### What needs to be done
Your copy should match the entries below exactly, apart from the images.

Image-backed grounding data
========================

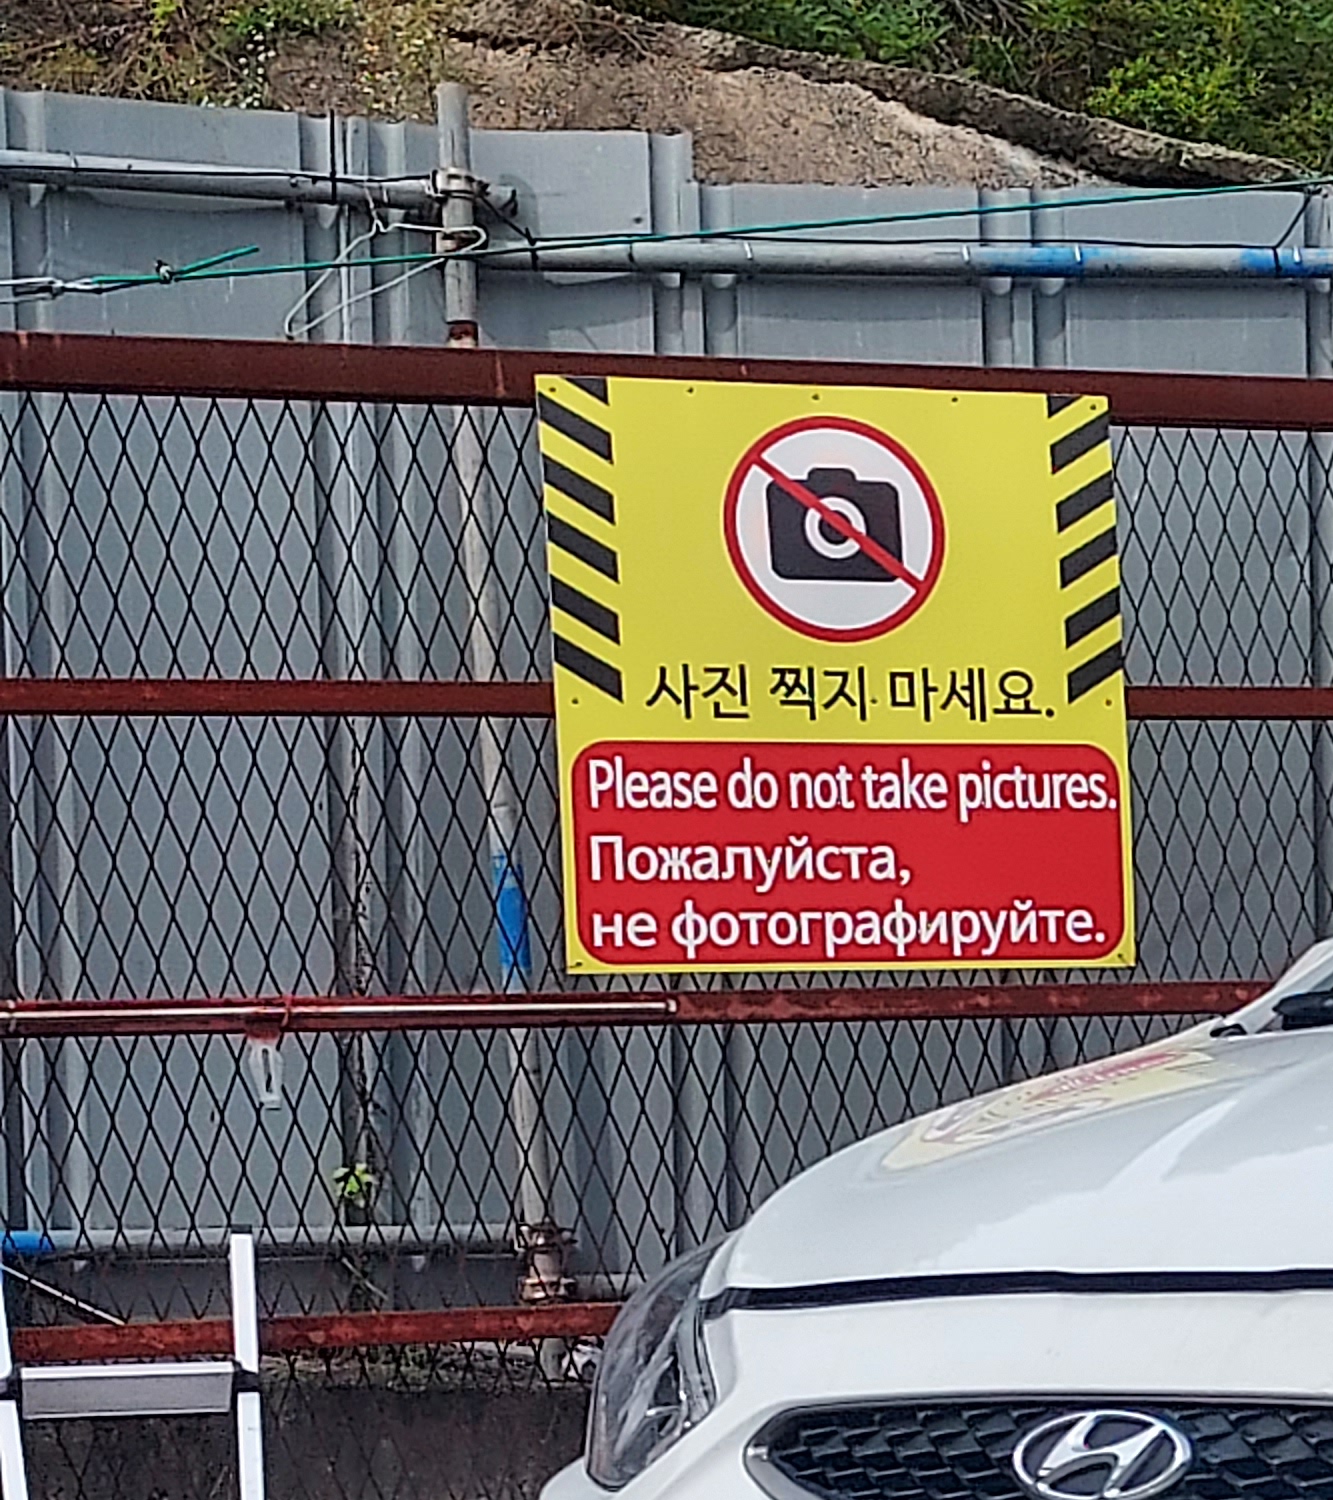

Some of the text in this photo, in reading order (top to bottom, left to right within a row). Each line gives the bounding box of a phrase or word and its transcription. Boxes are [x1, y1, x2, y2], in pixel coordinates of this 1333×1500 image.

[645, 664, 1055, 723] 사진 찍지 마세요.
[589, 756, 1117, 823] Please do not take pictures.
[590, 836, 911, 893] Пожалуйста,
[593, 899, 1105, 960] не фотографируйте.
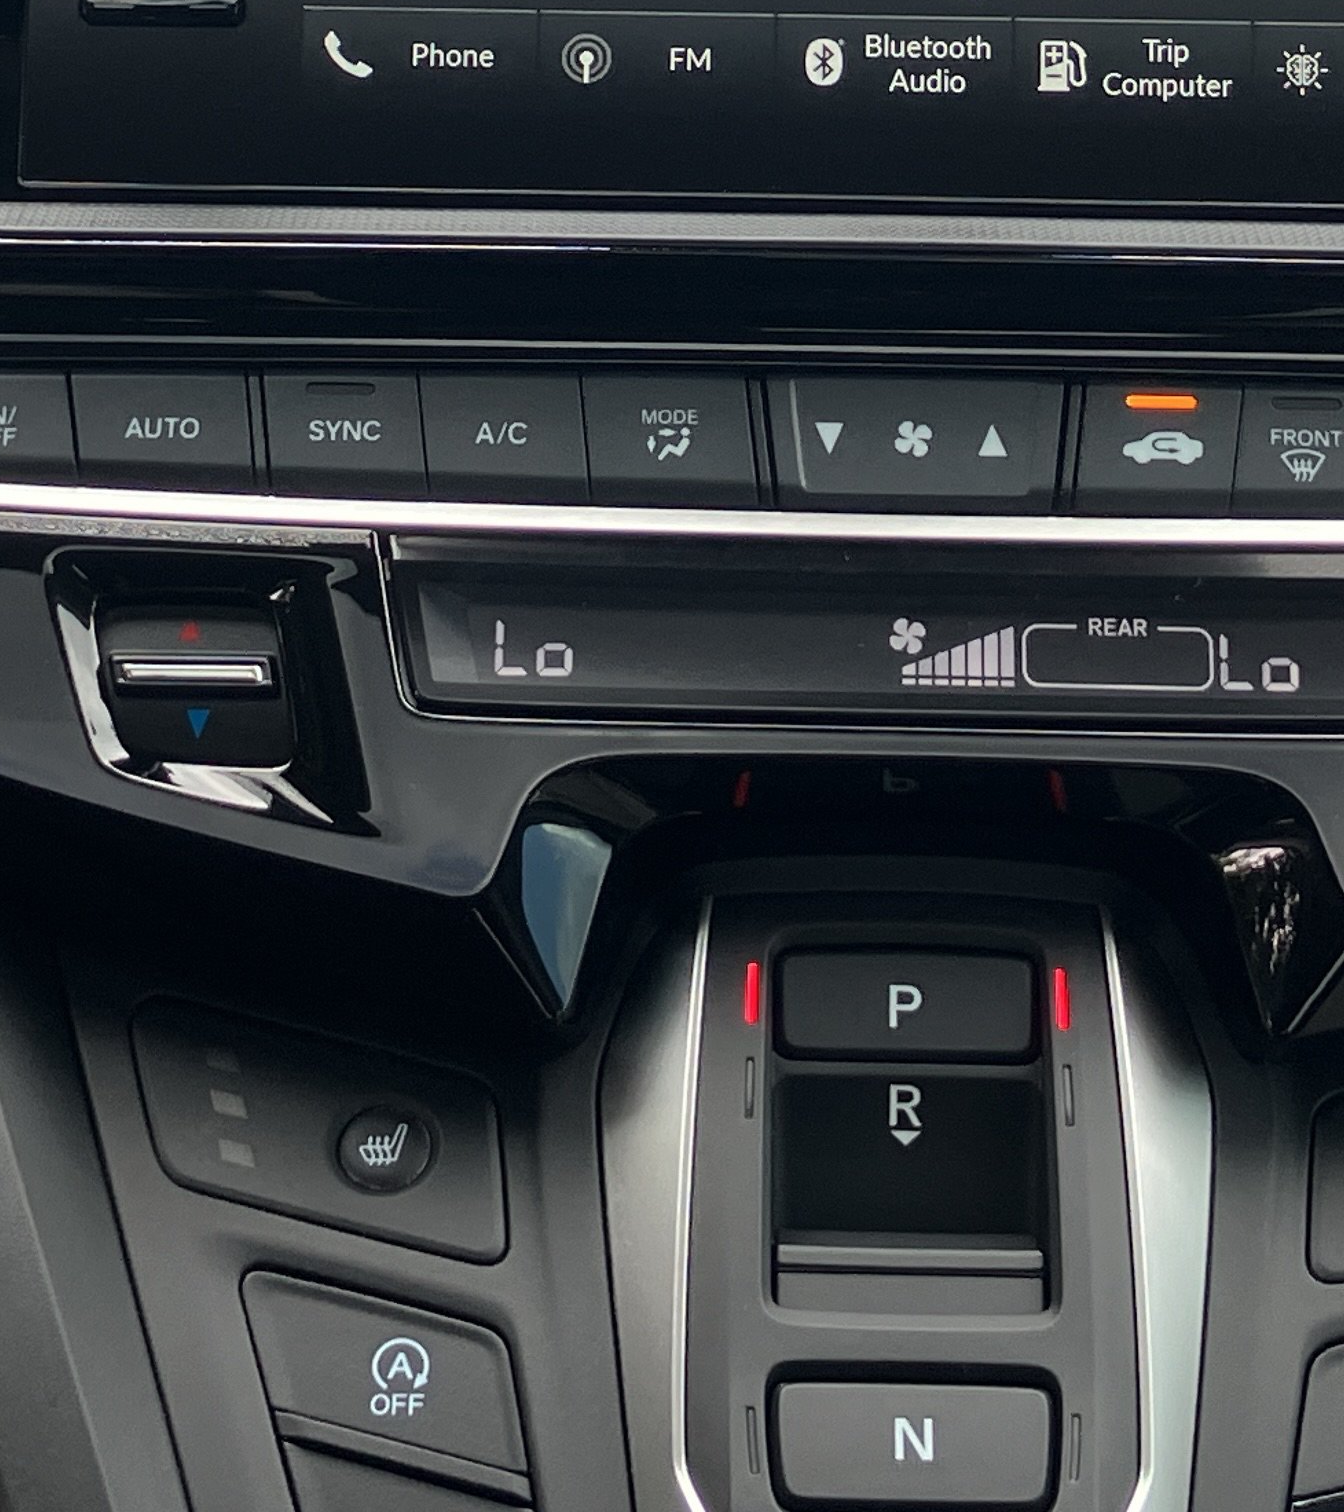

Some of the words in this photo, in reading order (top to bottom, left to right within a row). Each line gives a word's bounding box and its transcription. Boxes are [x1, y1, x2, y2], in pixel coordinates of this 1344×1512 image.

[412, 42, 494, 68] Phone
[669, 47, 711, 71] FM
[865, 33, 992, 60] Bluetooth
[1141, 38, 1190, 69] Trip
[888, 68, 966, 93] Audio
[1102, 72, 1233, 103] Computer
[124, 417, 200, 439] AUTO
[308, 419, 381, 441] SYNC
[641, 409, 699, 426] MODE
[475, 422, 528, 445] A/C
[1270, 428, 1343, 449] FRONT
[1088, 617, 1148, 637] REAR
[494, 619, 574, 678] Lo
[1219, 633, 1300, 693] Lo
[888, 984, 923, 1029] P
[888, 1083, 922, 1127] R
[370, 1393, 425, 1416] OFF
[894, 1417, 934, 1462] N

========================

### Answer section
Some of the text in this photo, in reading order (top to bottom, left to right within a row). Each line gives the bounding box of a phrase or word and its transcription. Boxes are [x1, y1, x2, y2], in pixel coordinates of this 1333×1500 image.

[645, 664, 1055, 723] 사진 찍지 마세요.
[589, 756, 1117, 823] Please do not take pictures.
[590, 836, 911, 893] Пожалуйста,
[593, 899, 1105, 960] не фотографируйте.

Some of the words in this photo, in reading order (top to bottom, left to right within a row). Each line gives a word's bounding box and its transcription. Boxes are [x1, y1, x2, y2], in pixel coordinates of this 1344×1512 image.

[412, 42, 494, 68] Phone
[669, 47, 711, 71] FM
[865, 33, 992, 60] Bluetooth
[1141, 38, 1190, 69] Trip
[888, 68, 966, 93] Audio
[1102, 72, 1233, 103] Computer
[124, 417, 200, 439] AUTO
[308, 419, 381, 441] SYNC
[641, 409, 699, 426] MODE
[475, 422, 528, 445] A/C
[1270, 428, 1343, 449] FRONT
[1088, 617, 1148, 637] REAR
[494, 619, 574, 678] Lo
[1219, 633, 1300, 693] Lo
[888, 984, 923, 1029] P
[888, 1083, 922, 1127] R
[370, 1393, 425, 1416] OFF
[894, 1417, 934, 1462] N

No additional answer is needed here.